Source data
────────────────

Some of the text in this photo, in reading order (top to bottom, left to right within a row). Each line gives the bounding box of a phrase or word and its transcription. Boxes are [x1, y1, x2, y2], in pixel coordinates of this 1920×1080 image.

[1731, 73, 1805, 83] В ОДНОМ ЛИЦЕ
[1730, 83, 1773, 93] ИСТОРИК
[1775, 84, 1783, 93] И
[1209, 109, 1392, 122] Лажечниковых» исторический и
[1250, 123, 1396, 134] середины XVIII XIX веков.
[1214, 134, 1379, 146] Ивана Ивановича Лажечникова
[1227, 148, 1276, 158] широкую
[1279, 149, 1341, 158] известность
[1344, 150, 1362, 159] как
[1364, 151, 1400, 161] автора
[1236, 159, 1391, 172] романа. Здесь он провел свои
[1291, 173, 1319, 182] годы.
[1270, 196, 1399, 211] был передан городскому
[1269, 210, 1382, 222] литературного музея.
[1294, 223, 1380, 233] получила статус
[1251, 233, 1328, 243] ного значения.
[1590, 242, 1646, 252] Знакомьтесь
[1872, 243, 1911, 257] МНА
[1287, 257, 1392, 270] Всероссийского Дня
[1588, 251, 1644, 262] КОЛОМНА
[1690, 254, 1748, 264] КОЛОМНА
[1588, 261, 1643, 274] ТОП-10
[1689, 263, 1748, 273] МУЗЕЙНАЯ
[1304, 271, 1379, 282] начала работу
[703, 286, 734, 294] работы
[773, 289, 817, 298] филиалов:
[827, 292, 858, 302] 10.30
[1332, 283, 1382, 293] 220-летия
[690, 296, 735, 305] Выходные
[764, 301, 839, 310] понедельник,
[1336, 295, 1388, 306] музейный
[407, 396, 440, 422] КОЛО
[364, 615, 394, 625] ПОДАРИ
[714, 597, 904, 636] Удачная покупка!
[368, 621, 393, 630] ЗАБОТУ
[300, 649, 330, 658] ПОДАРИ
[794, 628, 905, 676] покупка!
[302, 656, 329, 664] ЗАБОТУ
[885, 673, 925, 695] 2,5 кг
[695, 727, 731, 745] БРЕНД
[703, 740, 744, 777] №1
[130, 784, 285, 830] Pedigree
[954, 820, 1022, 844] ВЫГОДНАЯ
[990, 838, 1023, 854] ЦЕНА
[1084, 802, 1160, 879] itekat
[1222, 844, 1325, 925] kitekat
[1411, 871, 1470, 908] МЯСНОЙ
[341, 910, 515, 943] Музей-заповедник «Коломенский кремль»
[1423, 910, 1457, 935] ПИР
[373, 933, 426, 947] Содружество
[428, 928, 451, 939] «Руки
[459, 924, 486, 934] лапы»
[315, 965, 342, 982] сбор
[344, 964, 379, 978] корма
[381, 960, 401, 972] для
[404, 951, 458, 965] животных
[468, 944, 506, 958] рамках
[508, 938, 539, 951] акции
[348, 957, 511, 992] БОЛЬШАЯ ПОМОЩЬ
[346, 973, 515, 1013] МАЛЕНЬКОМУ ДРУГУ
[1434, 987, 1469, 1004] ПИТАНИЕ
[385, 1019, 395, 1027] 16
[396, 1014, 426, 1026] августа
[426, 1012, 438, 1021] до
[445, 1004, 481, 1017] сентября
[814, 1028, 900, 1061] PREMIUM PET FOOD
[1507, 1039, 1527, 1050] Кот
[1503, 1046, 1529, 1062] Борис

────────────────

## WHAT THE TASK ASKS
You are asked to transcribe the complete data exactly.

## REPLY TO THE EXERCISE
Some of the text in this photo, in reading order (top to bottom, left to right within a row). Each line gives the bounding box of a phrase or word and its transcription. Boxes are [x1, y1, x2, y2], in pixel coordinates of this 1920×1080 image.

[1731, 73, 1805, 83] В ОДНОМ ЛИЦЕ
[1730, 83, 1773, 93] ИСТОРИК
[1775, 84, 1783, 93] И
[1209, 109, 1392, 122] Лажечниковых» исторический и
[1250, 123, 1396, 134] середины XVIII XIX веков.
[1214, 134, 1379, 146] Ивана Ивановича Лажечникова
[1227, 148, 1276, 158] широкую
[1279, 149, 1341, 158] известность
[1344, 150, 1362, 159] как
[1364, 151, 1400, 161] автора
[1236, 159, 1391, 172] романа. Здесь он провел свои
[1291, 173, 1319, 182] годы.
[1270, 196, 1399, 211] был передан городскому
[1269, 210, 1382, 222] литературного музея.
[1294, 223, 1380, 233] получила статус
[1251, 233, 1328, 243] ного значения.
[1590, 242, 1646, 252] Знакомьтесь
[1872, 243, 1911, 257] МНА
[1287, 257, 1392, 270] Всероссийского Дня
[1588, 251, 1644, 262] КОЛОМНА
[1690, 254, 1748, 264] КОЛОМНА
[1588, 261, 1643, 274] ТОП-10
[1689, 263, 1748, 273] МУЗЕЙНАЯ
[1304, 271, 1379, 282] начала работу
[703, 286, 734, 294] работы
[773, 289, 817, 298] филиалов:
[827, 292, 858, 302] 10.30
[1332, 283, 1382, 293] 220-летия
[690, 296, 735, 305] Выходные
[764, 301, 839, 310] понедельник,
[1336, 295, 1388, 306] музейный
[407, 396, 440, 422] КОЛО
[364, 615, 394, 625] ПОДАРИ
[714, 597, 904, 636] Удачная покупка!
[368, 621, 393, 630] ЗАБОТУ
[300, 649, 330, 658] ПОДАРИ
[794, 628, 905, 676] покупка!
[302, 656, 329, 664] ЗАБОТУ
[885, 673, 925, 695] 2,5 кг
[695, 727, 731, 745] БРЕНД
[703, 740, 744, 777] №1
[130, 784, 285, 830] Pedigree
[954, 820, 1022, 844] ВЫГОДНАЯ
[990, 838, 1023, 854] ЦЕНА
[1084, 802, 1160, 879] itekat
[1222, 844, 1325, 925] kitekat
[1411, 871, 1470, 908] МЯСНОЙ
[341, 910, 515, 943] Музей-заповедник «Коломенский кремль»
[1423, 910, 1457, 935] ПИР
[373, 933, 426, 947] Содружество
[428, 928, 451, 939] «Руки
[459, 924, 486, 934] лапы»
[315, 965, 342, 982] сбор
[344, 964, 379, 978] корма
[381, 960, 401, 972] для
[404, 951, 458, 965] животных
[468, 944, 506, 958] рамках
[508, 938, 539, 951] акции
[348, 957, 511, 992] БОЛЬШАЯ ПОМОЩЬ
[346, 973, 515, 1013] МАЛЕНЬКОМУ ДРУГУ
[1434, 987, 1469, 1004] ПИТАНИЕ
[385, 1019, 395, 1027] 16
[396, 1014, 426, 1026] августа
[426, 1012, 438, 1021] до
[445, 1004, 481, 1017] сентября
[814, 1028, 900, 1061] PREMIUM PET FOOD
[1507, 1039, 1527, 1050] Кот
[1503, 1046, 1529, 1062] Борис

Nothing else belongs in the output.